U.S. job growth surged in September, with nonfarm payrolls increasing by +254,000, the highest in six months. This exceeded the +150,000 estimate, while the unemployment rate unexpectedly fell to 4.1%.

Hourly earnings rose by +4.0% year-over-year, the fastest pace since May, further highlighting wage growth. The leisure, hospitality, health care, and government sectors led the gains, though manufacturing cut jobs for the second consecutive month. 

The strong labor report, combined with healthy demand for workers and low layoffs, reduces the likelihood of a larger-than-quarter-point interest rate cut by the Federal Reserve in November. 

Additionally, the underemployment rate dropped to 7.7% — the first decline in nearly a year. The participation rate remained steady at 62.7%.

“We think the prospect of soft landing for the economy has brightened... It’s probably premature to conclude that the Federal Reserve’s 50-basis-point rate cut has already stabilized the labor market. What’s more likely is that the Fed’s next move will be a 25-bp cut in November.”

— Bloomberg Economics
  • Port Strike Updates

Source: WSJ / Mark Felix / Getty Images

U.S. ports have reopened after dockworkers ended a three-day strike that had closed major ports from Maine to Texas. The strike concluded when employers offered a +62% wage increase over six years, up from a previous +50% offer.

The new deal, which also includes conditions for efficiency gains, was reached after pressure from both the federal government and Florida Governor Ron Desantis activating the Florida National Guard to operate ports.

The strike affected the flow of essential goods like cars and bananas, and the reopening is expected to clear a backlog of over 40 ships.
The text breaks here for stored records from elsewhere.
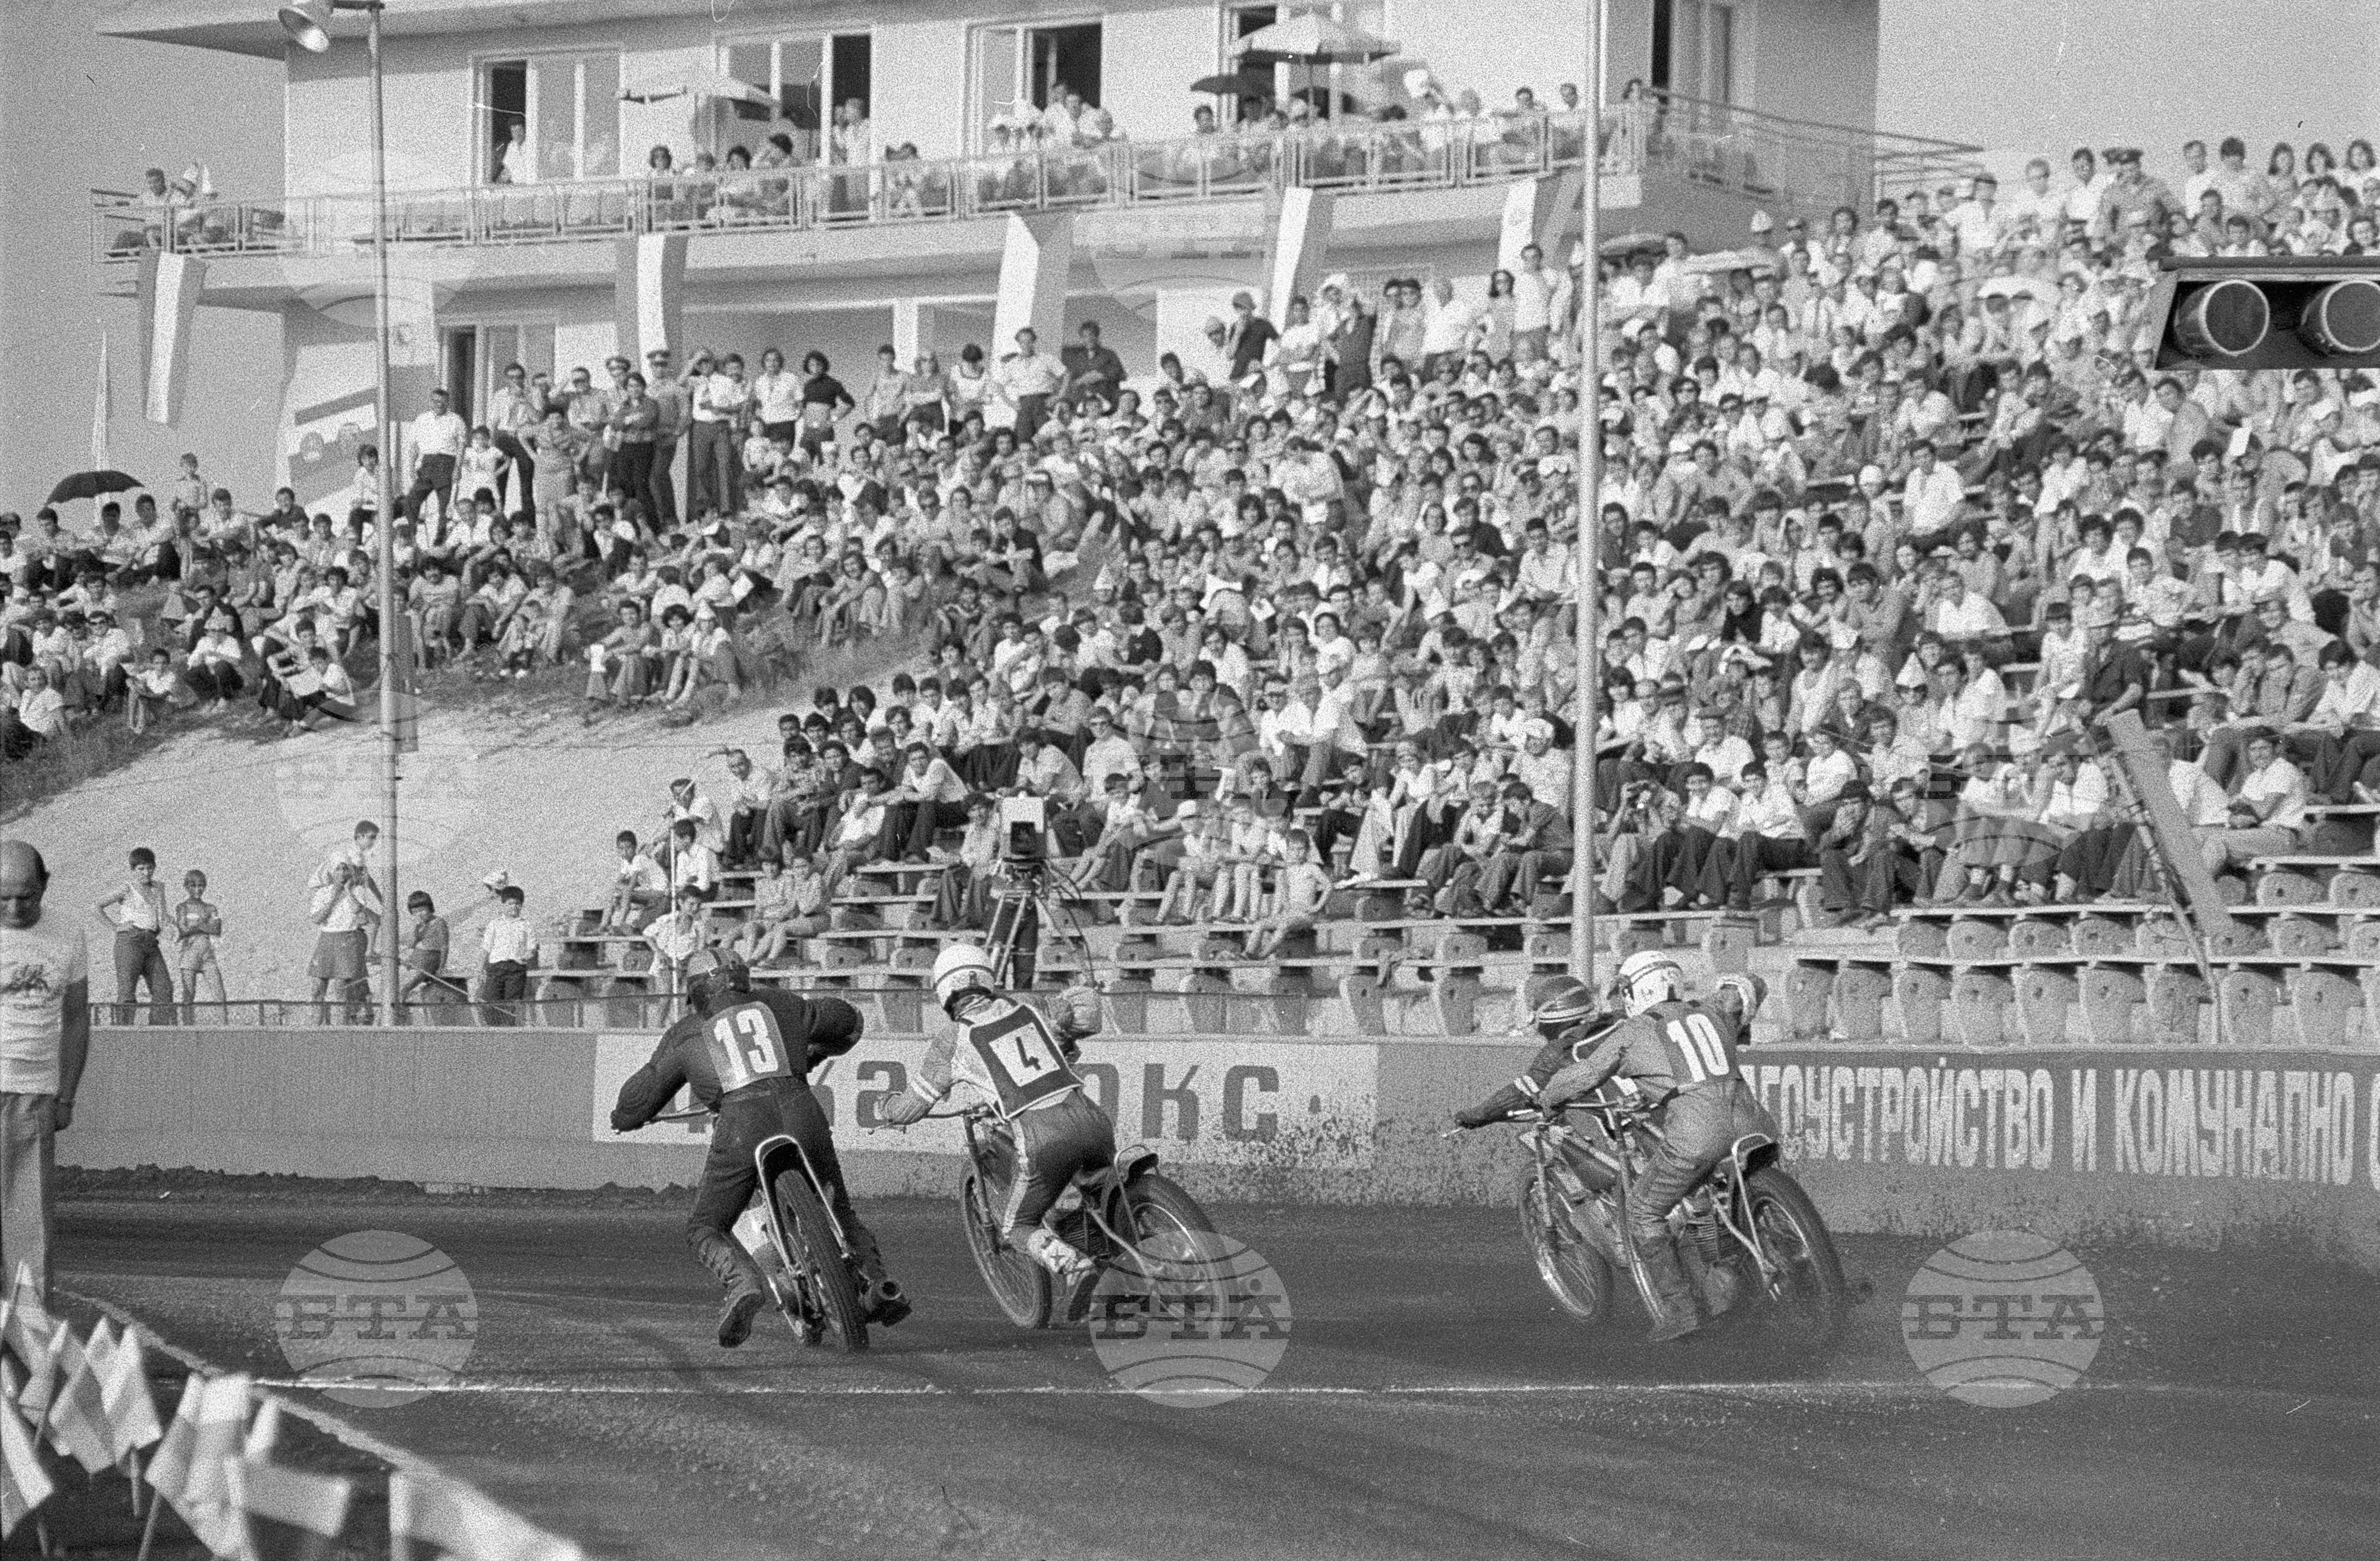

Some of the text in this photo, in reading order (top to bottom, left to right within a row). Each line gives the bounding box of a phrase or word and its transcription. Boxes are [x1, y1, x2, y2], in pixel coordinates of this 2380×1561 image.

[714, 1008, 778, 1082] 13
[1015, 1036, 1042, 1071] 4
[1666, 1013, 1730, 1083] 10
[2071, 1069, 2097, 1173] И
[2115, 1068, 2355, 1185] КОМУНАЛНО
The agreement extends the prior contract to January 2025, while negotiations on other issues (mostly automation) continue.

Source: WSJ

“It is good news the strike has ended, but shippers are not out of the woods just yet. It is only a tentative agreement and automation at ports will remain a major stumbling block… Now they have just 100 days to reach an agreement, otherwise we could see further strike action.”

– Peter Sand, Chief Shipping Analyst at supply chain intelligence firm Xeneta.